Pan-pathogen deep sequencing could help tackle hospital infections, says Wellcome Sanger Institute
Researchers have developed a new genomic technique that can track the spread of multiple superbugs in a hospital simultaneously, which could help prevent infections taking hold or enable them to be managed more effectively.
The proof-of-concept study, from the Wellcome Sanger Institute, the University of Oslo, Fondazione IRCCS Policlinico San Matteo in Italy, and collaborators, deploys a new deep sequencing approach that captures all the common infectious bacteria in a hospital at once. Current methods take longer as all pathogens are cultured and sequenced separately.
Researchers believe the ‘pan-pathogen’ deep sequencing approach could be integrated with existing hospital clinical surveillance systems to identify, track and limit the spread of common multiple treatment-resistant bacteria at the same time.

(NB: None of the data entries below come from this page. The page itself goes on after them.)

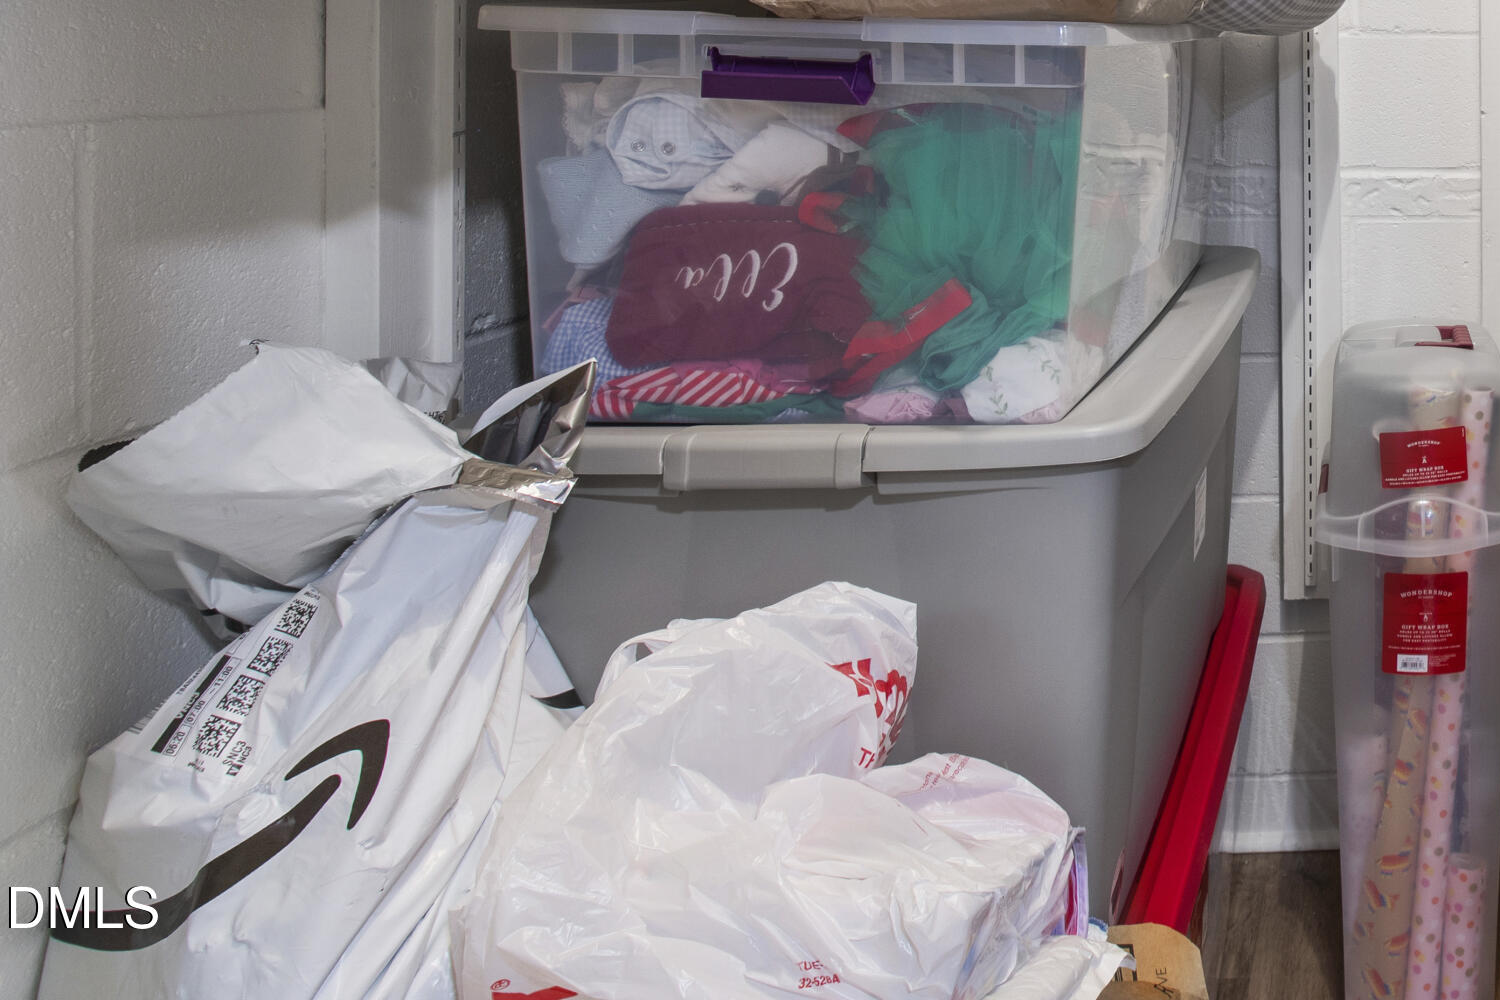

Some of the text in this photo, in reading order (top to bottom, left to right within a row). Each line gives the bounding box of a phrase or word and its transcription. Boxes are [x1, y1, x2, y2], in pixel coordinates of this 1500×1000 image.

[675, 242, 798, 312] Ella
[1400, 589, 1453, 599] WONDERSHOP
[214, 665, 234, 687] 11:00
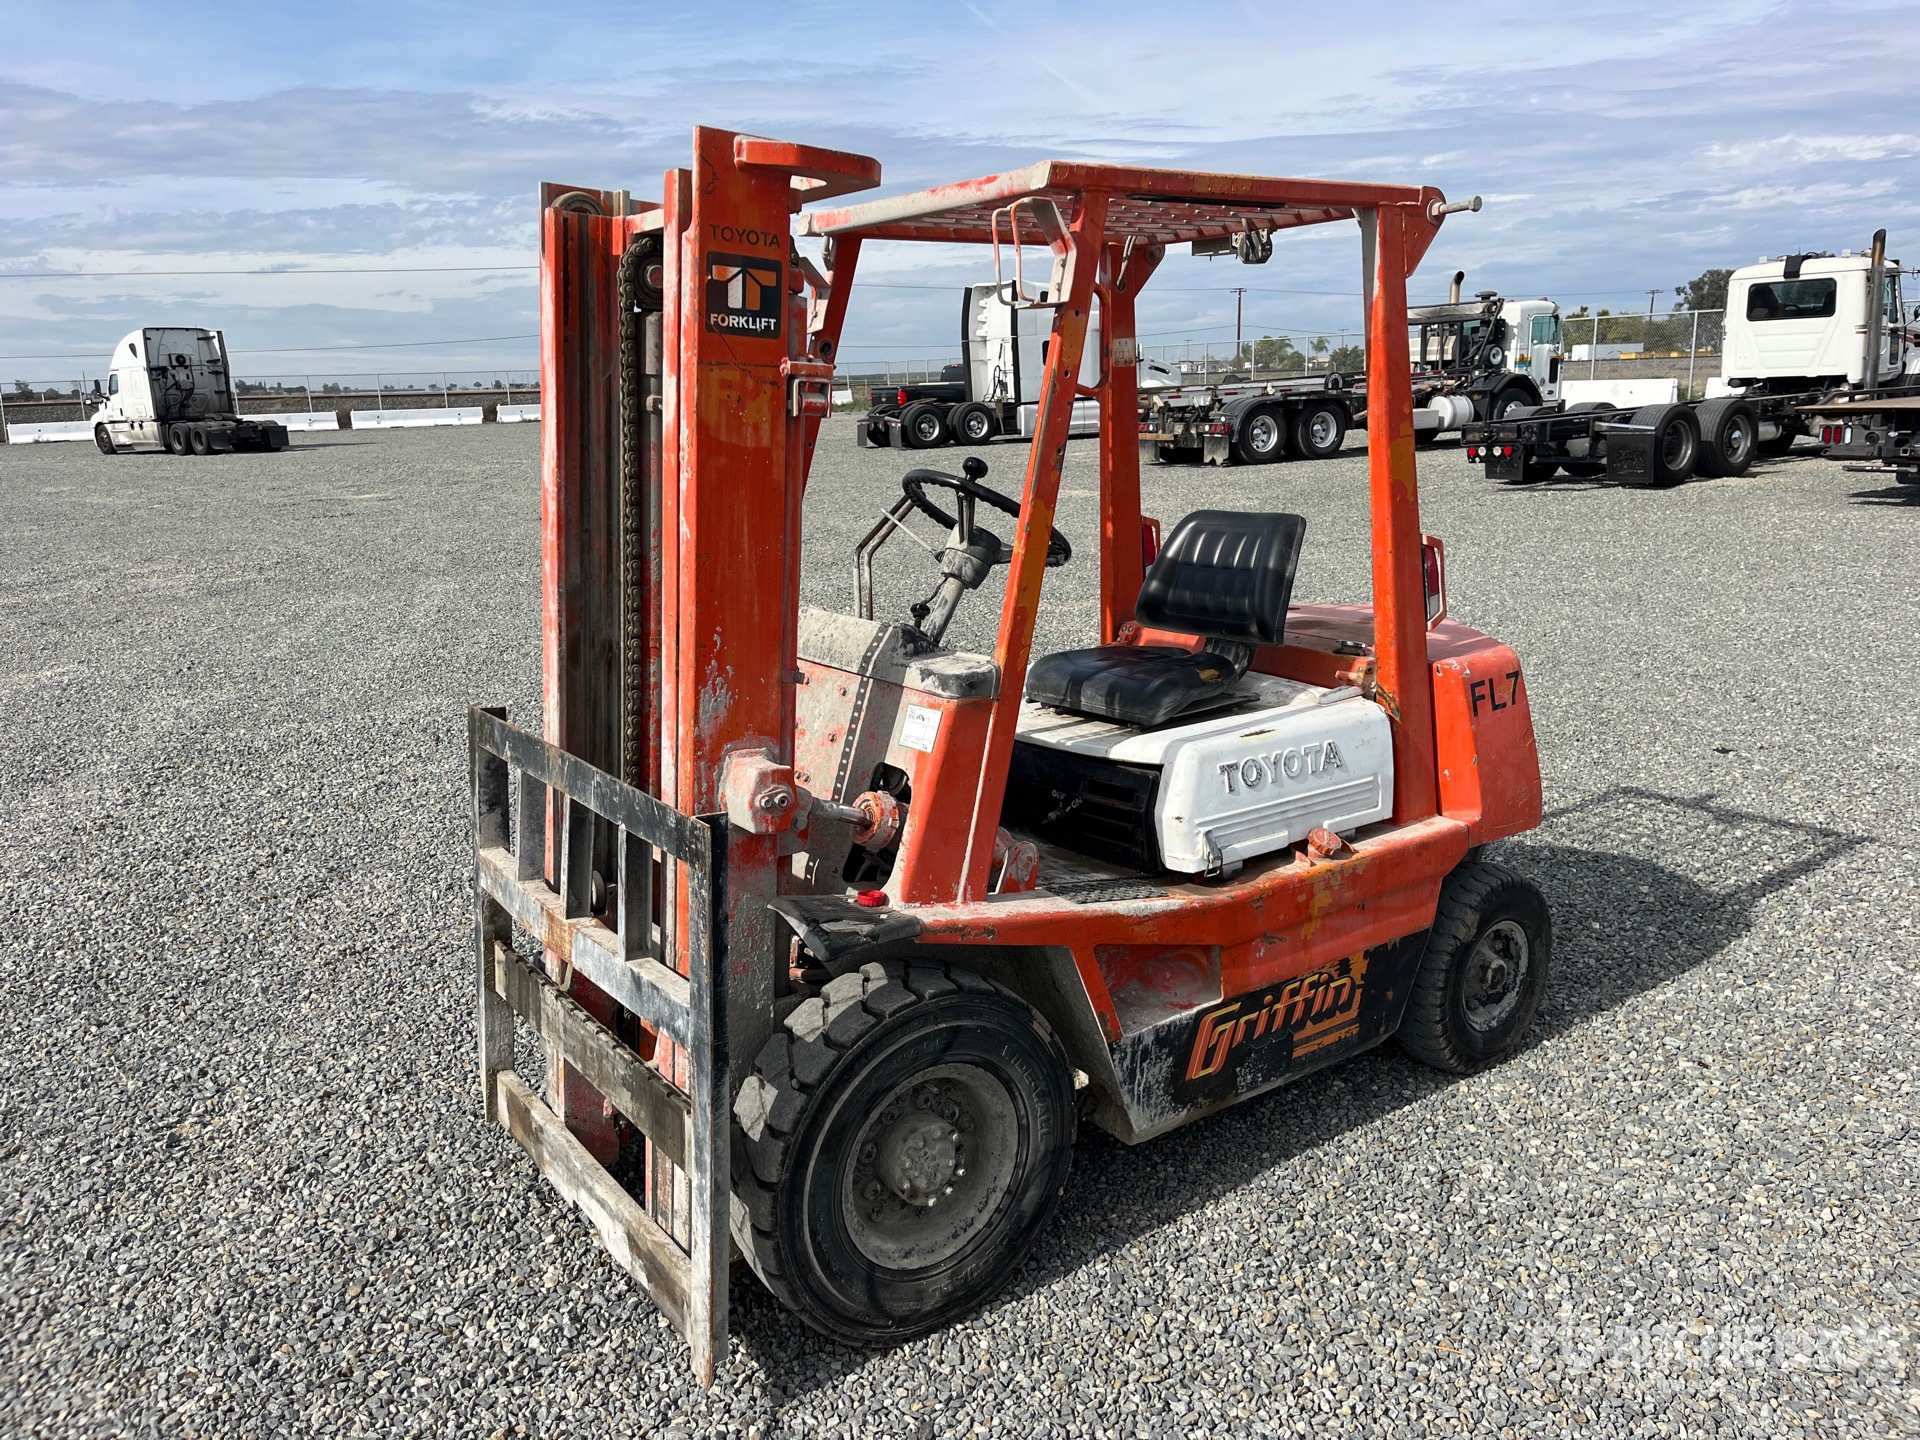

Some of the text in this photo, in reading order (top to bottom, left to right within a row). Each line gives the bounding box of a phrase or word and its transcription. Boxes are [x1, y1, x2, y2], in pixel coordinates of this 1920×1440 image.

[709, 224, 781, 249] TOYOTA
[710, 313, 777, 332] FORKLIFT
[1470, 670, 1519, 718] FL7
[1217, 740, 1342, 794] TOYOTA
[1185, 973, 1352, 1082] Griffin

Dr Harry Thorpe, first author from the University of Oslo and visiting worker at the Wellcome Sanger Institute, said: “Our study is an example of how we can use the power of genomics to create a full picture of antibiotic-resistant bacteria across intensive care units and also elsewhere in hospitals. Antibiotic-resistant bacteria evolve and spread quickly, and therefore our tracking methods have to keep pace with them. Knowing the sequencing of all the bacteria in a sample gives a more complete picture of the diversity found in an area, which is crucial in predicting risk and understanding the external factors involved in the spread of a specific strain.”

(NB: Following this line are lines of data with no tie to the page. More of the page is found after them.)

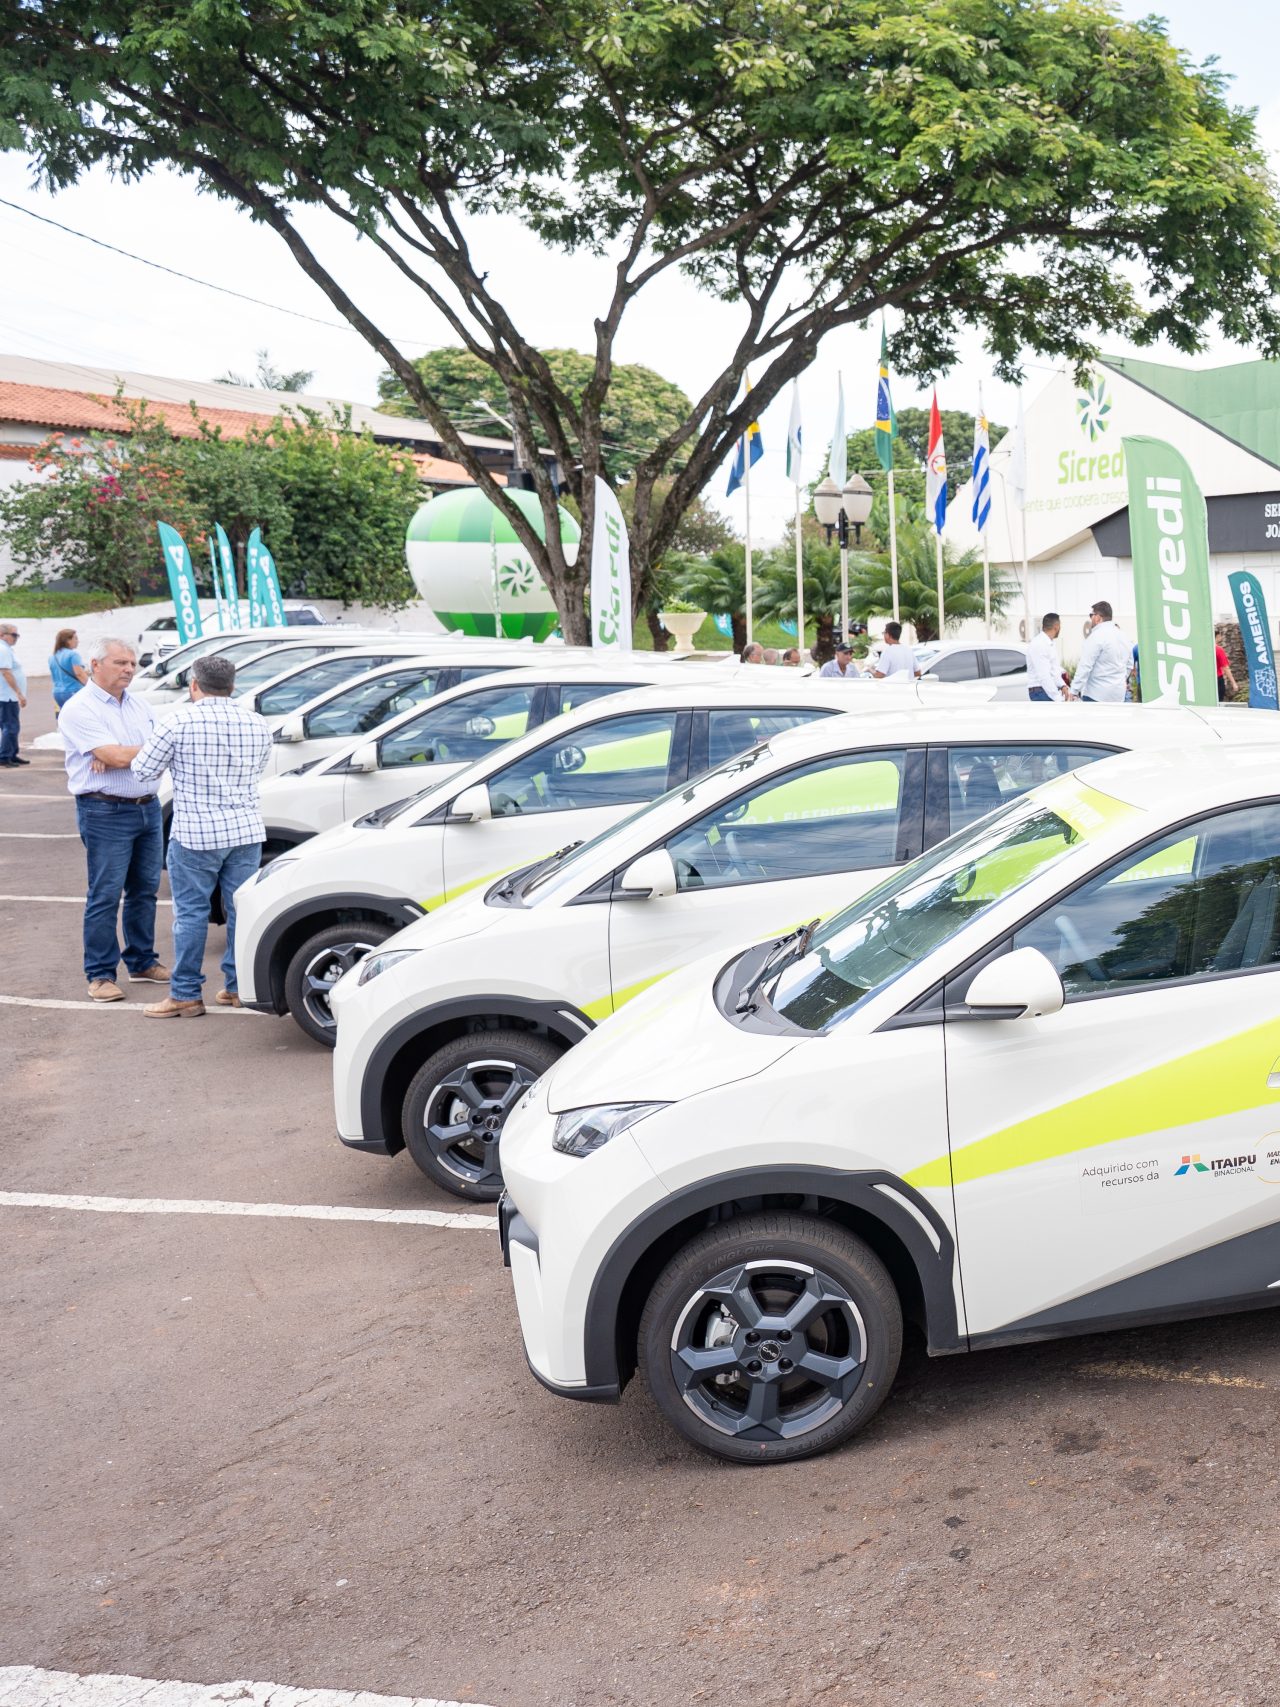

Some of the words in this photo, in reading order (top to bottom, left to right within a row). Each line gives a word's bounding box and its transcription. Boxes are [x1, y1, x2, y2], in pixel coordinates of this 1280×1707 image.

[1058, 447, 1125, 484] Sicred
[1146, 477, 1195, 704] Sicredi
[1240, 581, 1269, 665] AMERIOS
[1082, 1163, 1133, 1177] Adquirido
[1136, 1158, 1159, 1169] com
[1210, 1154, 1257, 1171] ITAIPU
[1214, 1165, 1255, 1178] BINACIONAL
[1101, 1174, 1144, 1188] recursos
[1146, 1170, 1160, 1182] da

The team took samples from 256 patients in an Italian hospital and captured bacteria found in the gut, upper airways, and lungs. The 2,418 DNA samples were associated with 52 species of bacteria and 66 per cent (2,148) of these were made up of different strains of the seven most common bacterial infections seen in hospitals.

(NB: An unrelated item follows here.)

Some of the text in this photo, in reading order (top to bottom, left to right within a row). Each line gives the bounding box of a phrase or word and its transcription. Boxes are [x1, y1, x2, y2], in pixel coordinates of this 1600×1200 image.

They found that patients in ICUs were colonised by at least one bacterium that had the potential to cause severe disease at any time. Clinically important anti-microbial resistant genes were present in at least 40 per cent of these.
The team mapped the spread of hospital bacteria across five weeks, allowing them to predict which bacteria were most likely to appear in infections acquired while in the hospital.
Prof Jukka Corander, co-senior author from the Wellcome Sanger Institute and the University of Oslo, said: “Our method that captures genetic information on multiple bacterial strains at the same time has the potential to transform the genomic surveillance of pathogens, enabling us to capture essential information both quicker and more comprehensively than ever before without losing resolution. With our proof-of-concept study, this approach can now confidently be used in future research to capture the full breadth of high-risk bacteria in an area, and hopefully by hospitals to help track and limit the spread of treatment-resistant bacteria.”
Prof Fausto Baldanti, director of the microbiology and birology unit at Fondazione IRCCS Policlinico San Matteo, said: “Our unit detected the first Covid-19 case in the Western world, and we witnessed the dawn of the pandemic along with the huge scientific effort worldwide on SARS-COV2. However, the study by our researchers showed that superbugs did not disappear. Indeed, the simultaneous presence of multiple species of drug-resistant bacteria in ICU wards admitting COVID-19 patients could have been a relevant component of the clinical manifestation of the new disease in those dramatic days.”
Prof Nicholas Thomson, co-senior author from the Wellcome Sanger Institute, added: “Antibiotic-resistant infections are an ongoing issue in hospitals, and while healthcare professionals work hard to minimise these as much as possible, it’s hard to fight against something you can’t fully see. Integrating a deep genomic sequencing approach into healthcare systems in this way gives those working in hospitals a new opportunity to see and track these bacteria, assisting in diagnosing infections and allowing outbreaks to be identified and controlled. Integration of this approach could help develop and improve guidelines for assessing and managing the risk of treatment-resistant infections for all the patients in a hospital, particularly those on intensive care units.”